Even if the data beneath seems repetitive, write it all out again exactly.

(Referring expression grounding data)
************

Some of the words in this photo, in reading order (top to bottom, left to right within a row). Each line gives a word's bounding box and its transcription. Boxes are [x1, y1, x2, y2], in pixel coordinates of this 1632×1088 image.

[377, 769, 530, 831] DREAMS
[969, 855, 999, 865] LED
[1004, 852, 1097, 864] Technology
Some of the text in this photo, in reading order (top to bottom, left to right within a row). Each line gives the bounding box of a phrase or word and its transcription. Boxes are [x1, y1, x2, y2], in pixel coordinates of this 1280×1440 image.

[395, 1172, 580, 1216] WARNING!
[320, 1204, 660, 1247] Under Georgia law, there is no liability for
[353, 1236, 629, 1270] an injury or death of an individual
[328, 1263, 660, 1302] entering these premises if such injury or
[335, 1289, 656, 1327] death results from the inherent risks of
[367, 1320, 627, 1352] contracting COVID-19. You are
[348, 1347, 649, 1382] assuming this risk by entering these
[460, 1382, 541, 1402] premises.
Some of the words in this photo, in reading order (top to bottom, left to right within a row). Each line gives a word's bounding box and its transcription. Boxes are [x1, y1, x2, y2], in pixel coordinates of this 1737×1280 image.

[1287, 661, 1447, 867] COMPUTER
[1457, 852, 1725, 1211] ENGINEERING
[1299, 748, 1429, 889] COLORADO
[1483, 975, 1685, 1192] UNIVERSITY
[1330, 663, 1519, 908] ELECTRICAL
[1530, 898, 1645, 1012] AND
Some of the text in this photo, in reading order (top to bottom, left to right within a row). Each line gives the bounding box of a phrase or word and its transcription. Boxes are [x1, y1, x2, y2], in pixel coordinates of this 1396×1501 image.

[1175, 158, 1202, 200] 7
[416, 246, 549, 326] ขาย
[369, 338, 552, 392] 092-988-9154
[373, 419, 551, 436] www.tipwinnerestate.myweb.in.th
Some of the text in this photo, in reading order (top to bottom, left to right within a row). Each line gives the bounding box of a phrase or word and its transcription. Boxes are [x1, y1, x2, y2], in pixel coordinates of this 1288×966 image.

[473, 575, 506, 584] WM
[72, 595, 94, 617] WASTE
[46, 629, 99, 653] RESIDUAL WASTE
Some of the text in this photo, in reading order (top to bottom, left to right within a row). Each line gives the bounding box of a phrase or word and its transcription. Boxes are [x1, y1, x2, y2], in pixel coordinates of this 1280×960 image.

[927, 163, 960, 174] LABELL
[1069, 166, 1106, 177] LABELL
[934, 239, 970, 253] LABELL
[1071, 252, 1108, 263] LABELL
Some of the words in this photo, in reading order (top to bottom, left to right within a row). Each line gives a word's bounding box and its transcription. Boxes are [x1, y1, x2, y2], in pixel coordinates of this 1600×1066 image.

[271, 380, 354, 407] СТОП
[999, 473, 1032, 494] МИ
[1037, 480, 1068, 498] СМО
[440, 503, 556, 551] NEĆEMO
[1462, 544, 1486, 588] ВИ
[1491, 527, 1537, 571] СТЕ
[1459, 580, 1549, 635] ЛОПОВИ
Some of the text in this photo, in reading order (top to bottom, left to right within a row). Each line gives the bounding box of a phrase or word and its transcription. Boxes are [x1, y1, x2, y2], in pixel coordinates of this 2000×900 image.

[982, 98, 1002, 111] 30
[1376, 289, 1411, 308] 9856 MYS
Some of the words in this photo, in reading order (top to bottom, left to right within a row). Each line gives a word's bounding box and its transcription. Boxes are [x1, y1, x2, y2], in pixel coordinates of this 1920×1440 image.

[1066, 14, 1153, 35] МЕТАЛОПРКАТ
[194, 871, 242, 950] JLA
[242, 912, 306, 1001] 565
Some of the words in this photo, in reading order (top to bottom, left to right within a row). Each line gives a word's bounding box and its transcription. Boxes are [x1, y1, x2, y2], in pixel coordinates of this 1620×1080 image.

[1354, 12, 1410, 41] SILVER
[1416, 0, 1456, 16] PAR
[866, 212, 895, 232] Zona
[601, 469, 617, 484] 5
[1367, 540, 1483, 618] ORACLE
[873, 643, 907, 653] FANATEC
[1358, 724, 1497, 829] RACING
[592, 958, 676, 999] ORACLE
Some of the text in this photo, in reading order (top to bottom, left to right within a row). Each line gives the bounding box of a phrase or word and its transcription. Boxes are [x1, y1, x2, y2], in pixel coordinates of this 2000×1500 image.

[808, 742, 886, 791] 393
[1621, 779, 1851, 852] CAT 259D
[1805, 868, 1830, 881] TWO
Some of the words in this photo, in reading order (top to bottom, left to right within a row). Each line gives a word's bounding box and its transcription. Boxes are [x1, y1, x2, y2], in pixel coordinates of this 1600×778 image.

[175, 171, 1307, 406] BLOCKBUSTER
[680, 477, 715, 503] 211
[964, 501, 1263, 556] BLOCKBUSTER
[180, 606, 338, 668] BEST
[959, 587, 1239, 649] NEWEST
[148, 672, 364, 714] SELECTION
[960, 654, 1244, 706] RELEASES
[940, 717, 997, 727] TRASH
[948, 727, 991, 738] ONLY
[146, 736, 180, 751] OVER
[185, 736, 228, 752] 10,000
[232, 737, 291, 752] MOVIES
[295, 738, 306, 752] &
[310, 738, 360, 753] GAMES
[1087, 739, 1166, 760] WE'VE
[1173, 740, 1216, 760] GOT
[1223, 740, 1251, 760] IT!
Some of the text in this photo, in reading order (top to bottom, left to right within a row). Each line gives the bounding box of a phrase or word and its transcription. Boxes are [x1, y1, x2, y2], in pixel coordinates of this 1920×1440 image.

************

> [Answer box]
Some of the words in this photo, in reading order (top to bottom, left to right within a row). Each line gives a word's bounding box and its transcription. Boxes are [x1, y1, x2, y2], in pixel coordinates of this 1632×1088 image.

[377, 769, 530, 831] DREAMS
[969, 855, 999, 865] LED
[1004, 852, 1097, 864] Technology
Some of the text in this photo, in reading order (top to bottom, left to right within a row). Each line gives the bounding box of a phrase or word and its transcription. Boxes are [x1, y1, x2, y2], in pixel coordinates of this 1280×1440 image.

[395, 1172, 580, 1216] WARNING!
[320, 1204, 660, 1247] Under Georgia law, there is no liability for
[353, 1236, 629, 1270] an injury or death of an individual
[328, 1263, 660, 1302] entering these premises if such injury or
[335, 1289, 656, 1327] death results from the inherent risks of
[367, 1320, 627, 1352] contracting COVID-19. You are
[348, 1347, 649, 1382] assuming this risk by entering these
[460, 1382, 541, 1402] premises.
Some of the words in this photo, in reading order (top to bottom, left to right within a row). Each line gives a word's bounding box and its transcription. Boxes are [x1, y1, x2, y2], in pixel coordinates of this 1737×1280 image.

[1287, 661, 1447, 867] COMPUTER
[1457, 852, 1725, 1211] ENGINEERING
[1299, 748, 1429, 889] COLORADO
[1483, 975, 1685, 1192] UNIVERSITY
[1330, 663, 1519, 908] ELECTRICAL
[1530, 898, 1645, 1012] AND
Some of the text in this photo, in reading order (top to bottom, left to right within a row). Each line gives the bounding box of a phrase or word and its transcription. Boxes are [x1, y1, x2, y2], in pixel coordinates of this 1396×1501 image.

[1175, 158, 1202, 200] 7
[416, 246, 549, 326] ขาย
[369, 338, 552, 392] 092-988-9154
[373, 419, 551, 436] www.tipwinnerestate.myweb.in.th
Some of the text in this photo, in reading order (top to bottom, left to right within a row). Each line gives the bounding box of a phrase or word and its transcription. Boxes are [x1, y1, x2, y2], in pixel coordinates of this 1288×966 image.

[473, 575, 506, 584] WM
[72, 595, 94, 617] WASTE
[46, 629, 99, 653] RESIDUAL WASTE
Some of the text in this photo, in reading order (top to bottom, left to right within a row). Each line gives the bounding box of a phrase or word and its transcription. Boxes are [x1, y1, x2, y2], in pixel coordinates of this 1280×960 image.

[927, 163, 960, 174] LABELL
[1069, 166, 1106, 177] LABELL
[934, 239, 970, 253] LABELL
[1071, 252, 1108, 263] LABELL
Some of the words in this photo, in reading order (top to bottom, left to right within a row). Each line gives a word's bounding box and its transcription. Boxes are [x1, y1, x2, y2], in pixel coordinates of this 1600×1066 image.

[271, 380, 354, 407] СТОП
[999, 473, 1032, 494] МИ
[1037, 480, 1068, 498] СМО
[440, 503, 556, 551] NEĆEMO
[1462, 544, 1486, 588] ВИ
[1491, 527, 1537, 571] СТЕ
[1459, 580, 1549, 635] ЛОПОВИ
Some of the text in this photo, in reading order (top to bottom, left to right within a row). Each line gives the bounding box of a phrase or word and its transcription. Boxes are [x1, y1, x2, y2], in pixel coordinates of this 2000×900 image.

[982, 98, 1002, 111] 30
[1376, 289, 1411, 308] 9856 MYS
Some of the words in this photo, in reading order (top to bottom, left to right within a row). Each line gives a word's bounding box and its transcription. Boxes are [x1, y1, x2, y2], in pixel coordinates of this 1920×1440 image.

[1066, 14, 1153, 35] МЕТАЛОПРКАТ
[194, 871, 242, 950] JLA
[242, 912, 306, 1001] 565
Some of the words in this photo, in reading order (top to bottom, left to right within a row). Each line gives a word's bounding box and its transcription. Boxes are [x1, y1, x2, y2], in pixel coordinates of this 1620×1080 image.

[1354, 12, 1410, 41] SILVER
[1416, 0, 1456, 16] PAR
[866, 212, 895, 232] Zona
[601, 469, 617, 484] 5
[1367, 540, 1483, 618] ORACLE
[873, 643, 907, 653] FANATEC
[1358, 724, 1497, 829] RACING
[592, 958, 676, 999] ORACLE
Some of the text in this photo, in reading order (top to bottom, left to right within a row). Each line gives the bounding box of a phrase or word and its transcription. Boxes are [x1, y1, x2, y2], in pixel coordinates of this 2000×1500 image.

[808, 742, 886, 791] 393
[1621, 779, 1851, 852] CAT 259D
[1805, 868, 1830, 881] TWO
Some of the words in this photo, in reading order (top to bottom, left to right within a row). Each line gives a word's bounding box and its transcription. Boxes are [x1, y1, x2, y2], in pixel coordinates of this 1600×778 image.

[175, 171, 1307, 406] BLOCKBUSTER
[680, 477, 715, 503] 211
[964, 501, 1263, 556] BLOCKBUSTER
[180, 606, 338, 668] BEST
[959, 587, 1239, 649] NEWEST
[148, 672, 364, 714] SELECTION
[960, 654, 1244, 706] RELEASES
[940, 717, 997, 727] TRASH
[948, 727, 991, 738] ONLY
[146, 736, 180, 751] OVER
[185, 736, 228, 752] 10,000
[232, 737, 291, 752] MOVIES
[295, 738, 306, 752] &
[310, 738, 360, 753] GAMES
[1087, 739, 1166, 760] WE'VE
[1173, 740, 1216, 760] GOT
[1223, 740, 1251, 760] IT!
Some of the text in this photo, in reading order (top to bottom, left to right within a row). Each line gives the bounding box of a phrase or word and its transcription. Boxes are [x1, y1, x2, y2], in pixel coordinates of this 1920×1440 image.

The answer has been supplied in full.